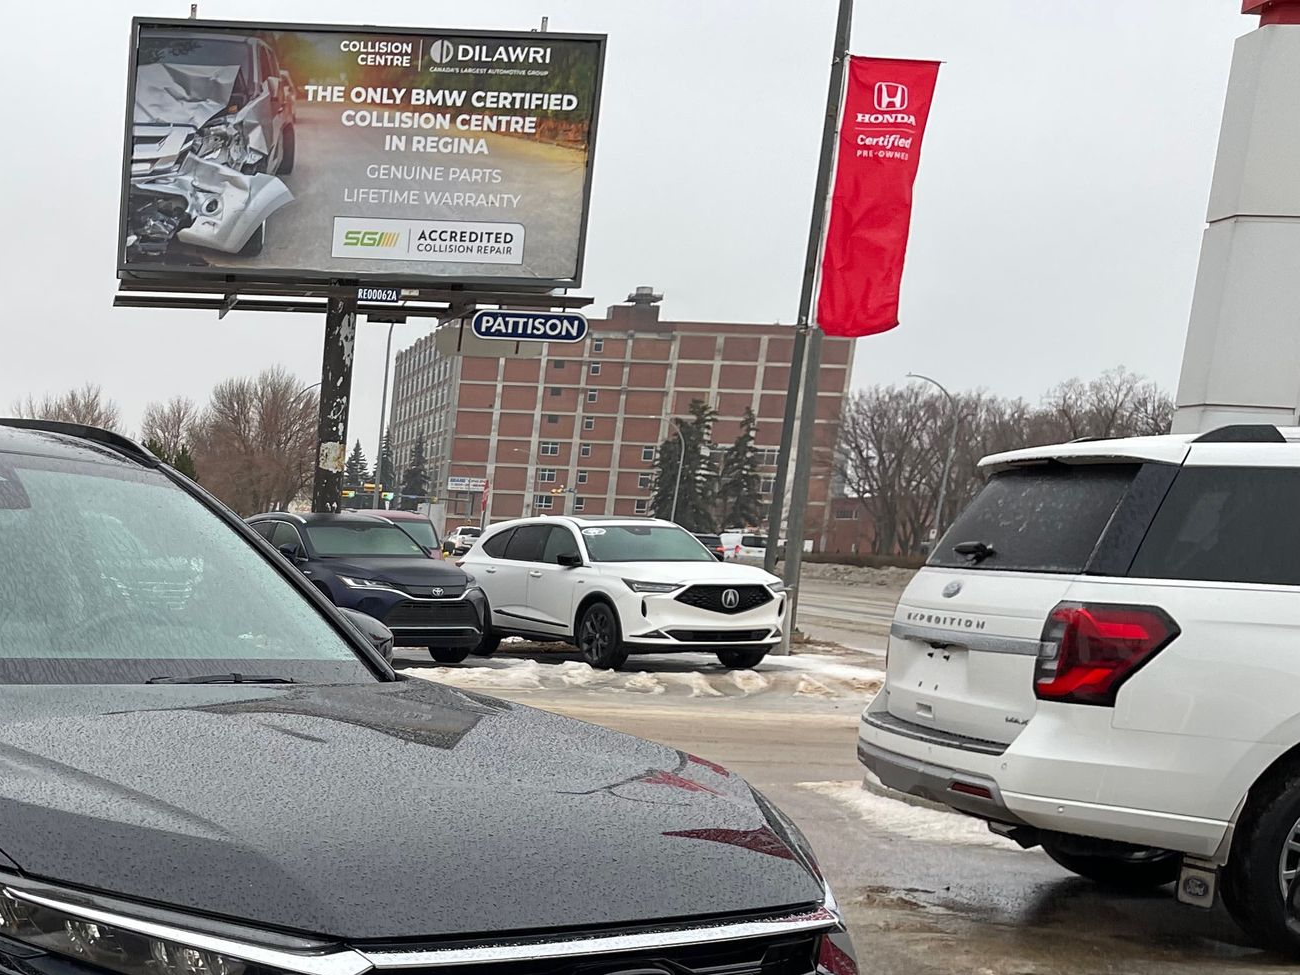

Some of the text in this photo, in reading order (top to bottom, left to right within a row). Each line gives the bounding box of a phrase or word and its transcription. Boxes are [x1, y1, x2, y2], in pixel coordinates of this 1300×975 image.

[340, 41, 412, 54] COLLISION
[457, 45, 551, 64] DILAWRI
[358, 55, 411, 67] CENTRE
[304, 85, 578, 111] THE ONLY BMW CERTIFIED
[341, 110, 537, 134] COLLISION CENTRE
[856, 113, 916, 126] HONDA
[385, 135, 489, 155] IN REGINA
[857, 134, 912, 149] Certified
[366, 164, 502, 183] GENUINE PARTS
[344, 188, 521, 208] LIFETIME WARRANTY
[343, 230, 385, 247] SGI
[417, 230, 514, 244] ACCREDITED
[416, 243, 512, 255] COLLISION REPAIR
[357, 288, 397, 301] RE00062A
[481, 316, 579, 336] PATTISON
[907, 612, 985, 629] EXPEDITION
■ ■ ■
YOUR OBJECTIVE. Set down all the data again exactly as above, pictures excluded.

ANSWER AREA.
Some of the text in this photo, in reading order (top to bottom, left to right within a row). Each line gives the bounding box of a phrase or word and its transcription. Boxes are [x1, y1, x2, y2], in pixel coordinates of this 1300×975 image.

[340, 41, 412, 54] COLLISION
[457, 45, 551, 64] DILAWRI
[358, 55, 411, 67] CENTRE
[304, 85, 578, 111] THE ONLY BMW CERTIFIED
[341, 110, 537, 134] COLLISION CENTRE
[856, 113, 916, 126] HONDA
[385, 135, 489, 155] IN REGINA
[857, 134, 912, 149] Certified
[366, 164, 502, 183] GENUINE PARTS
[344, 188, 521, 208] LIFETIME WARRANTY
[343, 230, 385, 247] SGI
[417, 230, 514, 244] ACCREDITED
[416, 243, 512, 255] COLLISION REPAIR
[357, 288, 397, 301] RE00062A
[481, 316, 579, 336] PATTISON
[907, 612, 985, 629] EXPEDITION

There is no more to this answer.